- Other names: Spondyloperipheral dysplasia-short ulna syndrome
- Spondyloperipheral dysplasia has an autosomal dominant pattern of inheritance.

= Spondyloperipheral dysplasia =

Spondyloperipheral dysplasia is an autosomal dominant disorder of bone growth. The condition is characterized by flattened bones of the spine (platyspondyly) and unusually short fingers and toes (brachydactyly). Some affected individuals also have other skeletal abnormalities, short stature, nearsightedness (myopia), hearing loss, and mental retardation. Spondyloperipheral dysplasia is a subtype of collagenopathy, types II and XI.

==Genetics==

Spondyloperipheral dysplasia is one of a spectrum of skeletal disorders caused by mutations in the COL2A1 gene, located on chromosome 12q13.11-q13.2. The protein made by this gene forms type II collagen, a molecule found mostly in cartilage and in the clear gel that fills the vitreous humour (the eyeball). Type II collagen is essential for the normal development of bones and other connective tissues (the tissues that form the body's supportive framework).

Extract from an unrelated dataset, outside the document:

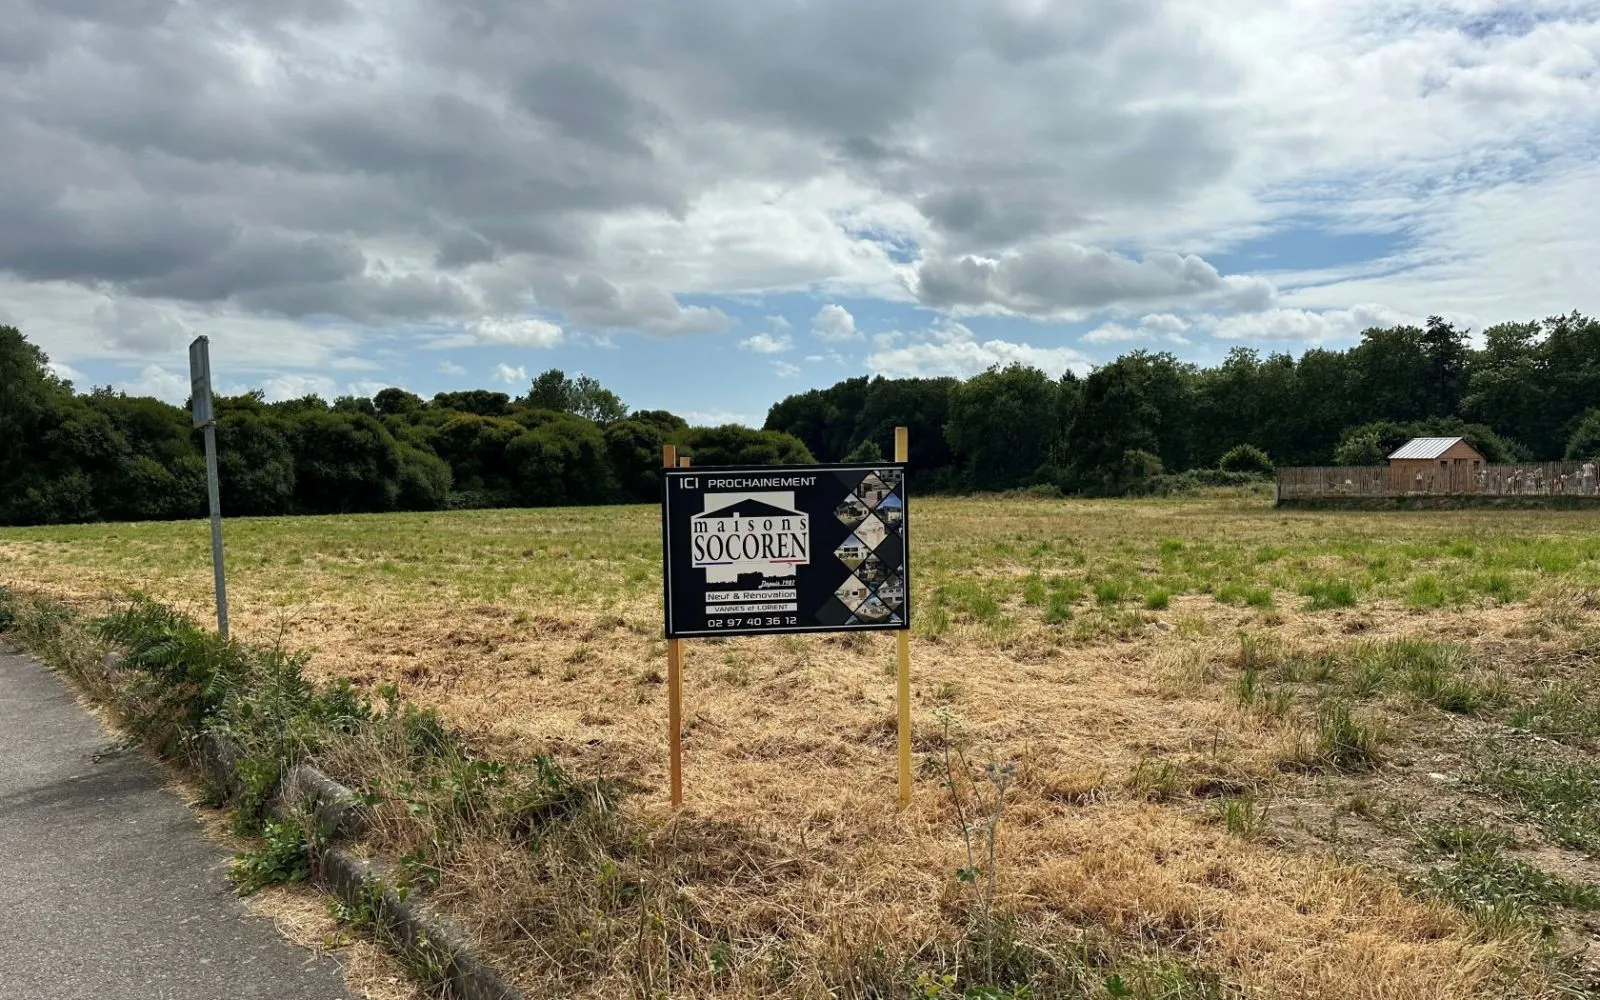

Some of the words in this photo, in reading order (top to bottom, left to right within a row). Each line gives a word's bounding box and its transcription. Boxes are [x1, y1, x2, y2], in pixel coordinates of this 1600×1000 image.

Mutations in the COL2A1 gene interfere with the assembly of type II collagen molecules. The protein made by the altered COL2A1 gene cannot be used to make type II collagen, resulting in a reduced amount of this type of collagen in the body. Instead of forming collagen molecules, the abnormal protein builds up in cartilage cells (chondrocytes). These changes disrupt the normal development of bones, leading to the signs and symptoms of spondyloperipheral dysplasia.

The disorder is believed to be inherited in an autosomal dominant manner. This indicates that the defective gene responsible for the disorder is located on an autosome (chromosome 12 is an autosome), and only one copy of the defective gene is sufficient to cause the disorder, when inherited from a parent who has the disorder.